Il est question ici de l’argent, que Timon repousse et maudit, mais aussi de la misanthropie dont le personnage principal est un digne tenant. Et pourquoi donc parler d’argent, spécialement en ce début d’année ? Pour deux raisons. La première, c’est que quelqu’un que j’aime beaucoup, Jean-Claude Carrière, sort un livre, L’argent : sa vie, sa mort, aux éditions Odile Jacob et qu’il en parle admirablement bien pour sa promotion. La seconde raison, qui elle me révulse, tient plus à la période précisément, mais j’en parlerai plus loin.

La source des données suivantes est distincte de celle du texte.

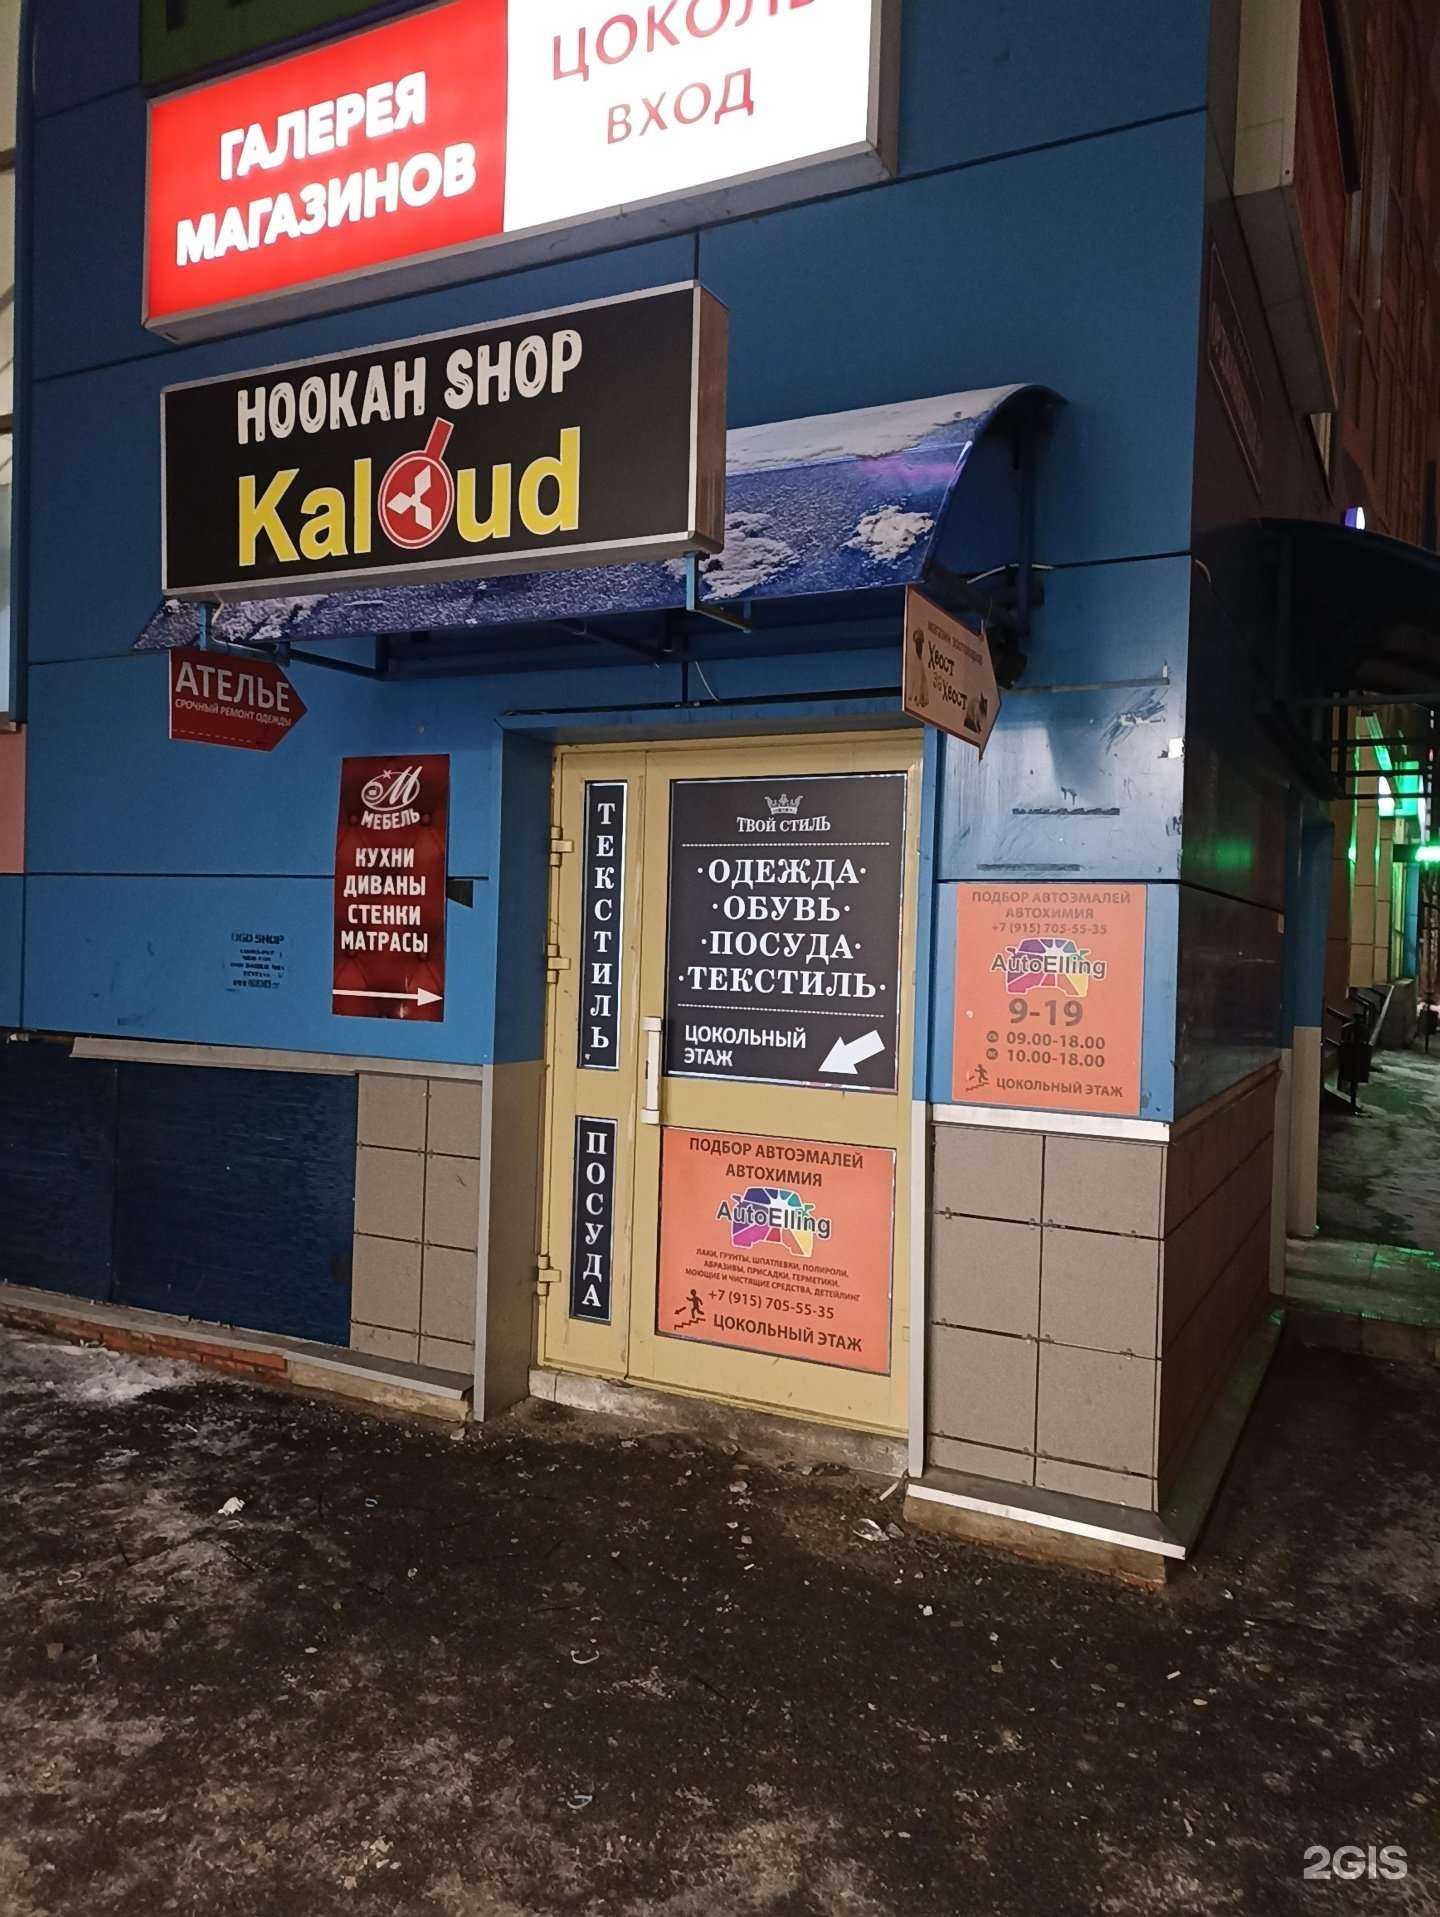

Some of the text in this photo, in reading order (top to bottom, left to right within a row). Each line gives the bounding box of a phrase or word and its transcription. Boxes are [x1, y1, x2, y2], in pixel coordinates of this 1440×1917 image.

[552, 0, 815, 82] ЦОКОЛ
[606, 67, 755, 146] ВХОД
[220, 71, 427, 182] ГАЛЕРЕЯ
[175, 142, 477, 267] МАГАЗИНОВ
[237, 329, 583, 445] HOOKAH SHOP
[238, 417, 581, 568] Kaloud
[175, 661, 290, 713] АТЕЛЬЕ
[175, 698, 292, 727] СРОЧНЫЙ РЕМОНТ ОДЕЖДЫ
[360, 809, 420, 830] МЕБЕЛЬ
[736, 815, 831, 833] ТВОЙ СТИЛЬ
[355, 848, 415, 868] КУХНИ
[343, 876, 426, 897] ДИВАНЫ
[972, 890, 1131, 904] ПОДБОР АВТОЭМАЛЕЙ
[348, 904, 420, 926] СТЕНКИ
[590, 803, 616, 1048] ТЕКСТИЛЬ
[1005, 908, 1094, 920] АВТОХИМИЯ
[340, 931, 428, 953] МАТРАСЫ
[992, 923, 1107, 934] +7 (915) 705-55-35
[991, 955, 1107, 979] AutoElling
[1008, 998, 1084, 1027] 9-19
[685, 1024, 806, 1049] ЦОКОЛЬНЫЙ
[1006, 1031, 1106, 1050] 09.00-18.00
[684, 1048, 733, 1067] ЭТАЖ
[1007, 1050, 1106, 1067] 10.00-18.00
[996, 1077, 1123, 1098] ЦОКОЛЬНЫЙ ЭТАЖ
[689, 1137, 864, 1169] ПОДБОР АВТОЭМАЛЕЙ
[725, 1163, 822, 1187] АВТОХИМИЯ
[581, 1132, 608, 1308] ПОСУДА
[716, 1200, 831, 1240] AutoElling
[685, 1268, 720, 1280] МОЮЩИЕ
[728, 1275, 770, 1289] ЧИСТЯЩИЕ
[814, 1288, 860, 1301] ДЕТЕЙЛИНГ
[709, 1289, 835, 1319] +7 (915) 705-55-35
[713, 1313, 862, 1352] ЦОКОЛЬНЫЙ ЭТАЖ
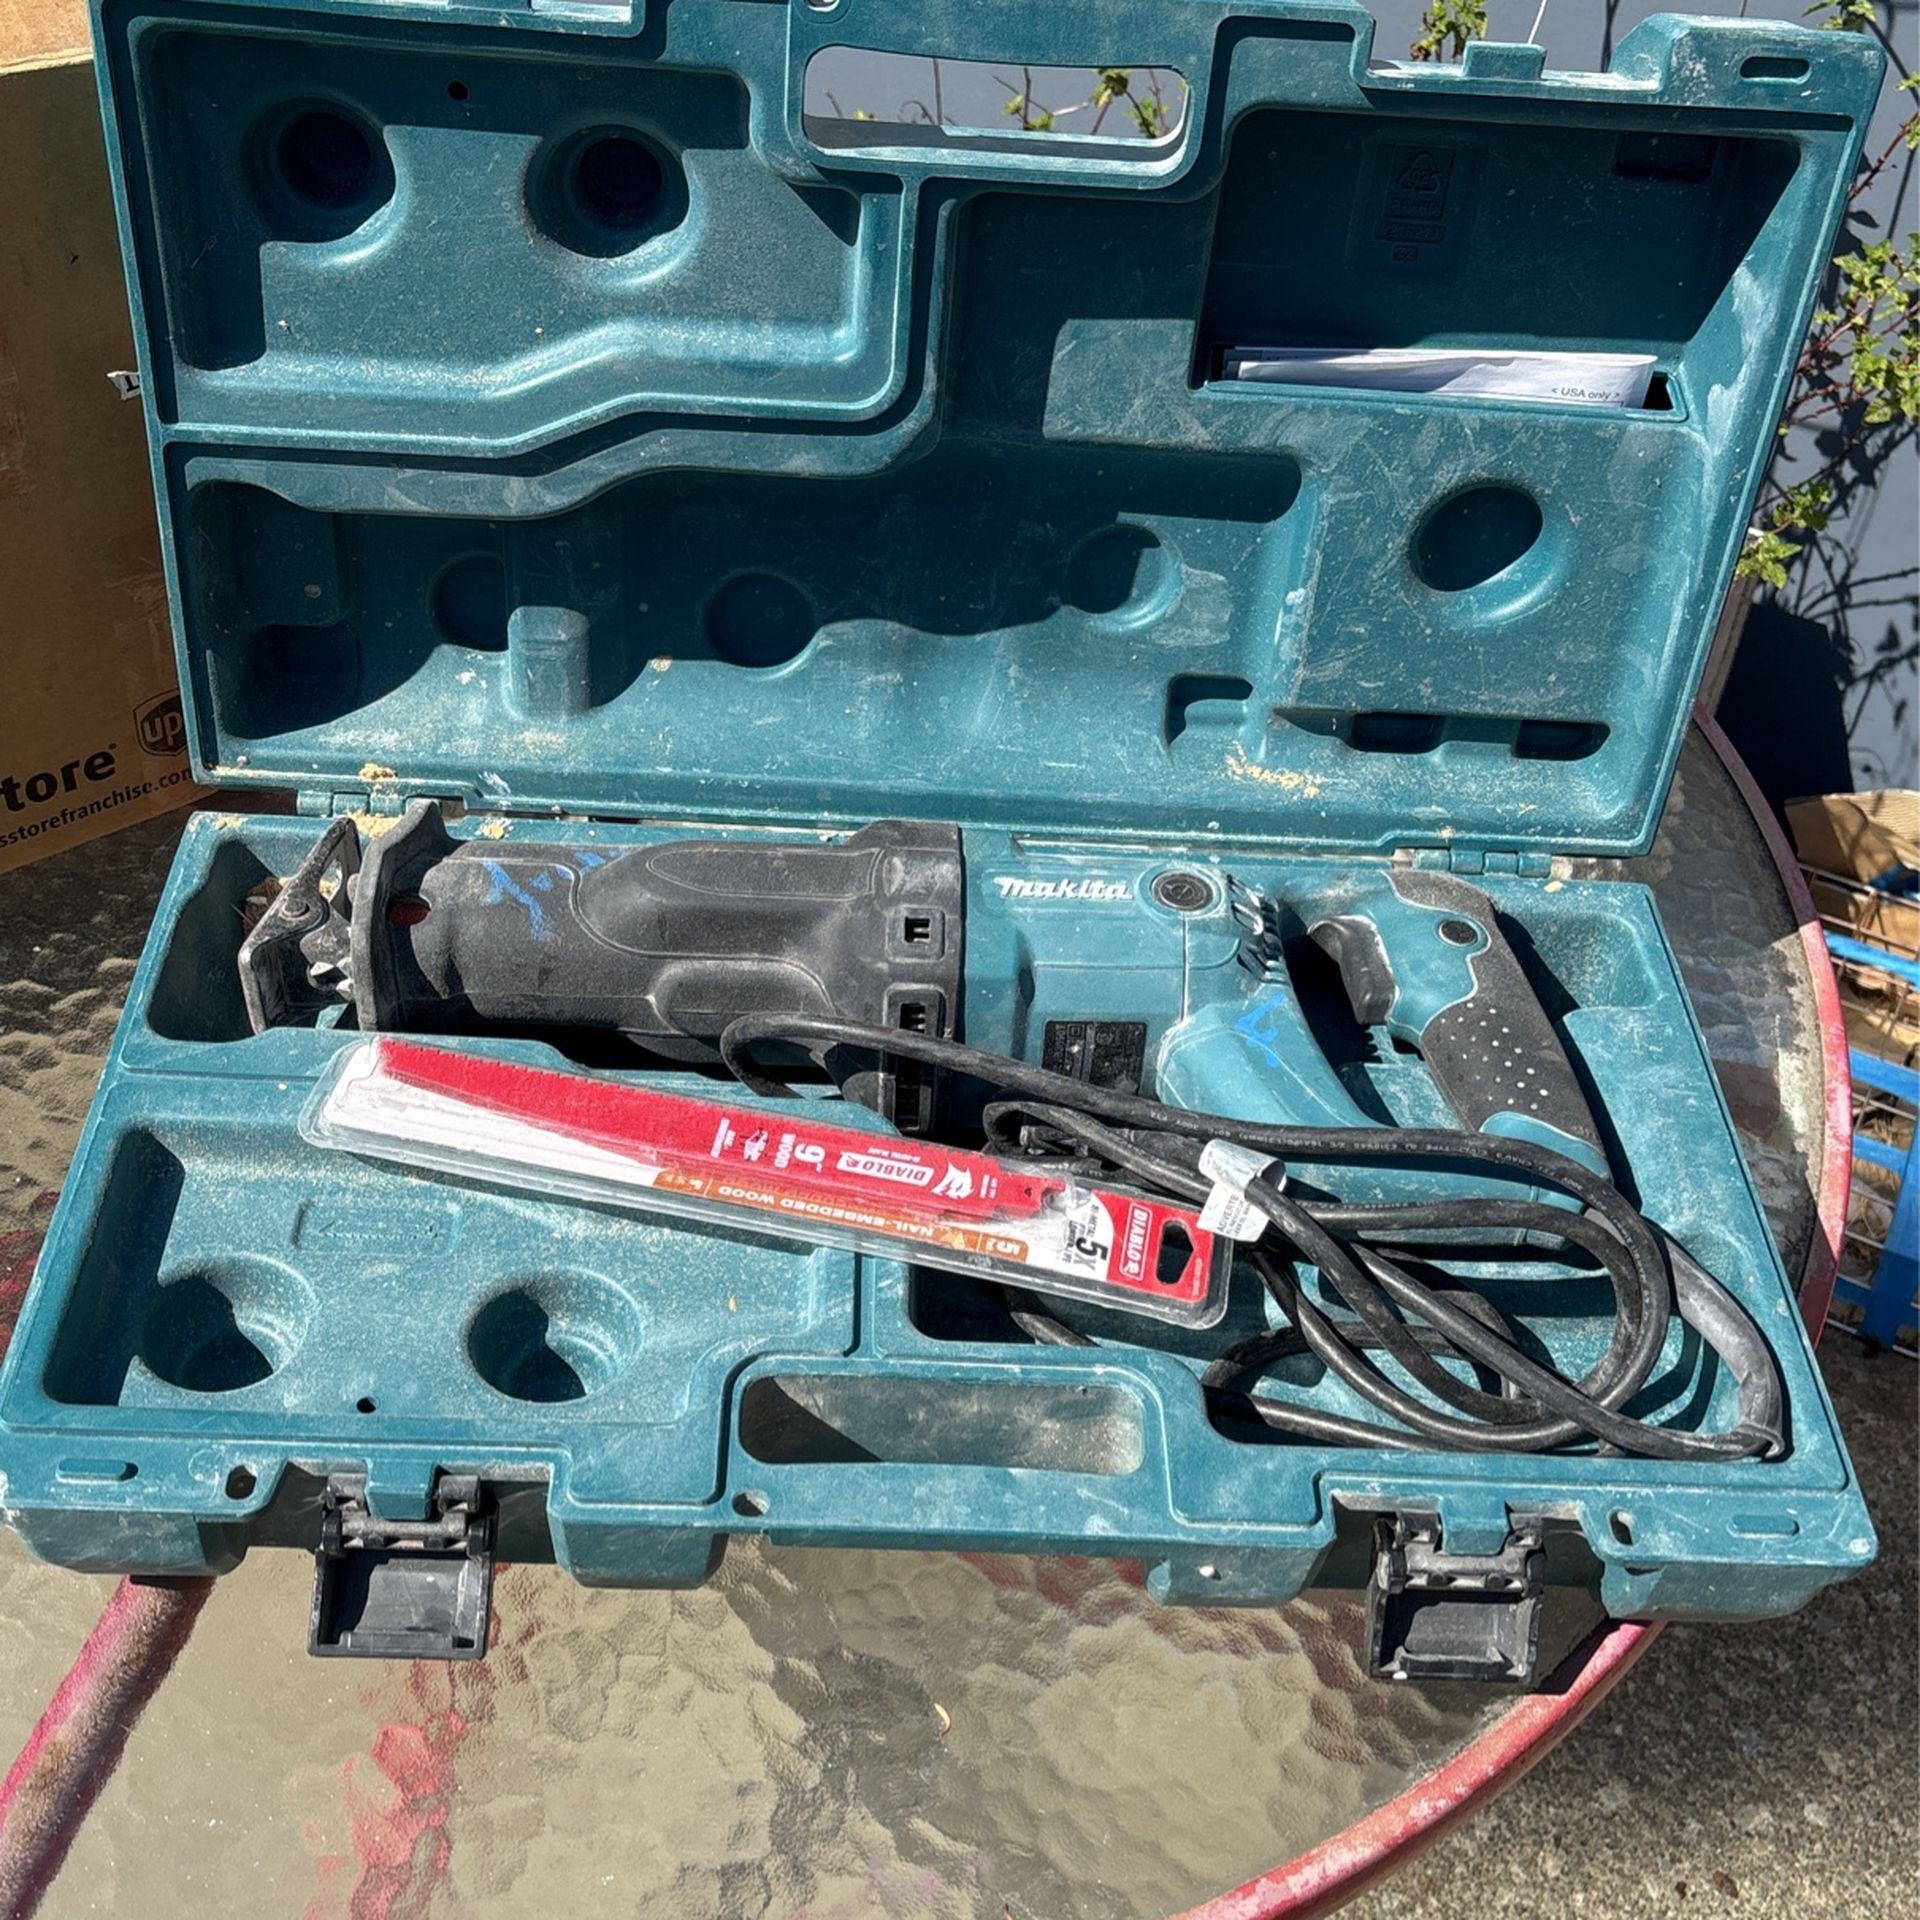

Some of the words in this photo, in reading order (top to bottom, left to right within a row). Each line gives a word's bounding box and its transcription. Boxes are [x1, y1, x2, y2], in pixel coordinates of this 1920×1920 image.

Tout d’abord, si je souhaite en parler, c’est au regard des choses qui me traversent en ce moment. J’ai travaillé pour mon master sur une notion qui est à mon sens centrale dans les processus d’exclusion sociale, ou plutôt de non-intégration ; je tends à croire de plus en plus que ces effets de bord qui, de manière centripète, excluent vers la marge sont des processus volontaires exercés par la part inhumaine de la société et que ceci passe par une phase d’aveuglement macrostructurelle, une phase par laquelle on tend à rendre certaines choses invisibles pour ne pas s’en encombrer (j’y reviendrai plus largement lorsque je publierai mon article de master). Dans ces effets de bord, je me suis souvent posé la question de savoir quelle était la place de l’argent dans ces processus. Il faut bien sûr, lorsque l’on parle d’argent, parler de capitalisme, puisque si l’on considère que le capitalisme est un problème, une nécessité ou tout au moins quelque chose qui porte intrinsèquement un débat, on ne peut faire l’économie de parler de l’argent comme valeur universelle.
La mort de l’argent
Toutefois, on se retrouve assez vite face à une contradiction de taille, comme le soulève ou le suggère Jean-Claude Carrière lorsqu’il dit que l’argent est mort. Comment alors parler de capitalisme si l’argent est mort ? Déjà, l’argent est mort ne veut pas dire que l’argent n’existe plus, mais bien plutôt qu’en tant que valeur matérielle, elle tend à disparaître. De plus en plus, il disparaît, se substitue à lui-même sous une forme totalement dématérialisée. Disparition des chèques, des guichets de banque, de l’argent dans les banques, transactions basées sur des transferts de fonds, uniquement repérables par des chiffres sur des bordereaux ; l’argent meurt, s’épuise dans ce qu’il avait de plus palpable, au profit d’une valeur abstraite. De plus en plus, on dématérialise, généralisation des moyens de paiement par carte bancaire, par contact, avec son téléphone portable, porte-monnaie électronique. Comment donner une pièce à celui qui mendie si l’on n’a plus rien dans les poches ? Ceci n’est pas une préoccupation de riche et subrepticement, on augmente encore les facteurs de marginalisation.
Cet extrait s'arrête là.